SMRs and AMRs

Saturday, August 11, 2012

The importance of swimming lessons ... for all

Water Damage

By MARTHA SOUTHGATE, NYT

CULLEN JONES and Lia Neal were among the many swimmers to win medals for the United States in this year’s Olympic Games. But their inspiring performances obscure a disturbing truth. Not only are they, as African-Americans, anomalies in the elite levels of their sport, but enormous numbers of African-Americans do not have even rudimentary swimming skills, a lack that costs lives.

A 2010 study by the USA Swimming Foundation and the University of Memphis reported that nearly 70 percent of African-American children do not know how to swim. According to the Centers for Disease Control and Prevention, African-American children between the ages of 5 and 14 are almost three times more likely to drown than white children.

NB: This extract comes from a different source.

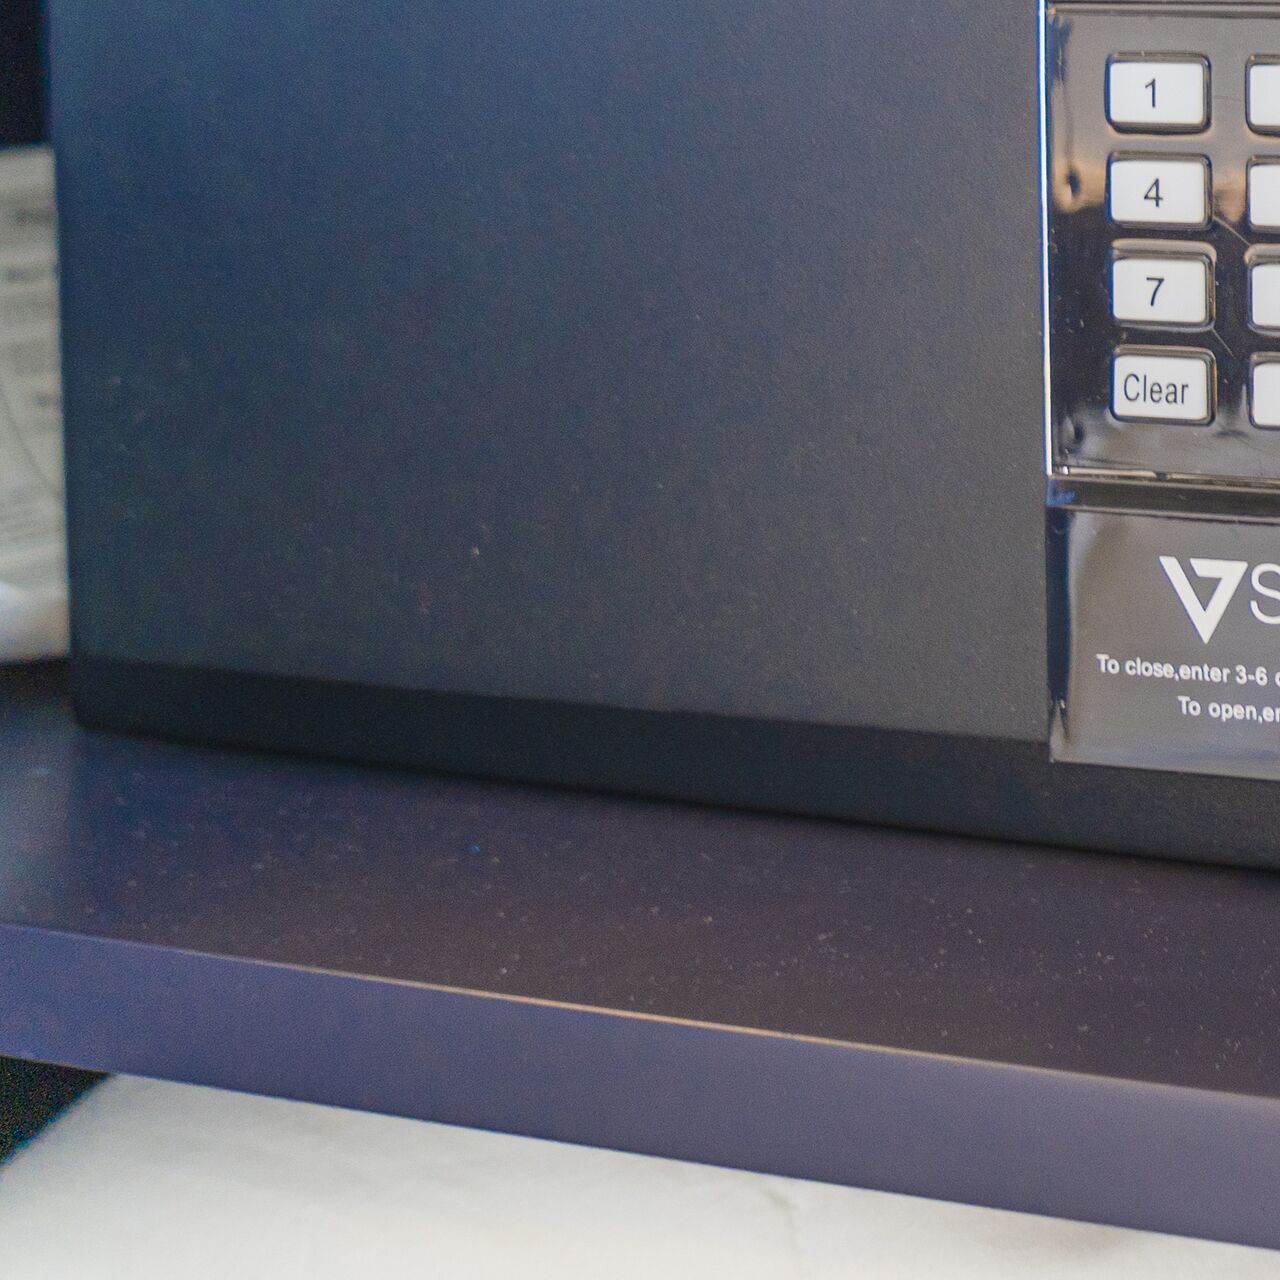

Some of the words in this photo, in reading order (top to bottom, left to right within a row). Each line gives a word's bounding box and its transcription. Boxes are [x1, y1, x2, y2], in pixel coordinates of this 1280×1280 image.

Cullen Jones could have been one of them; his parents put him in swim class after he almost drowned at the age of 5. Jones has become an evangelist for the importance of swimming lessons, working with Make a Splash, a water-safety initiative focused on minority children. But it can be tough even to give swimming lessons away. Starting last fall, the Boys and Girls Clubs of Boston made swimming lessons mandatory for their members, who are predominantly black and Hispanic. Though the lessons were free of charge, a number of parents had to be talked into allowing their children to participate: they were terrified of letting them get in the water.

This bears out the USA Swimming Foundation’s finding, in its 2010 report, that “fear trumped financial concerns across all respondent race groups in low-income families.”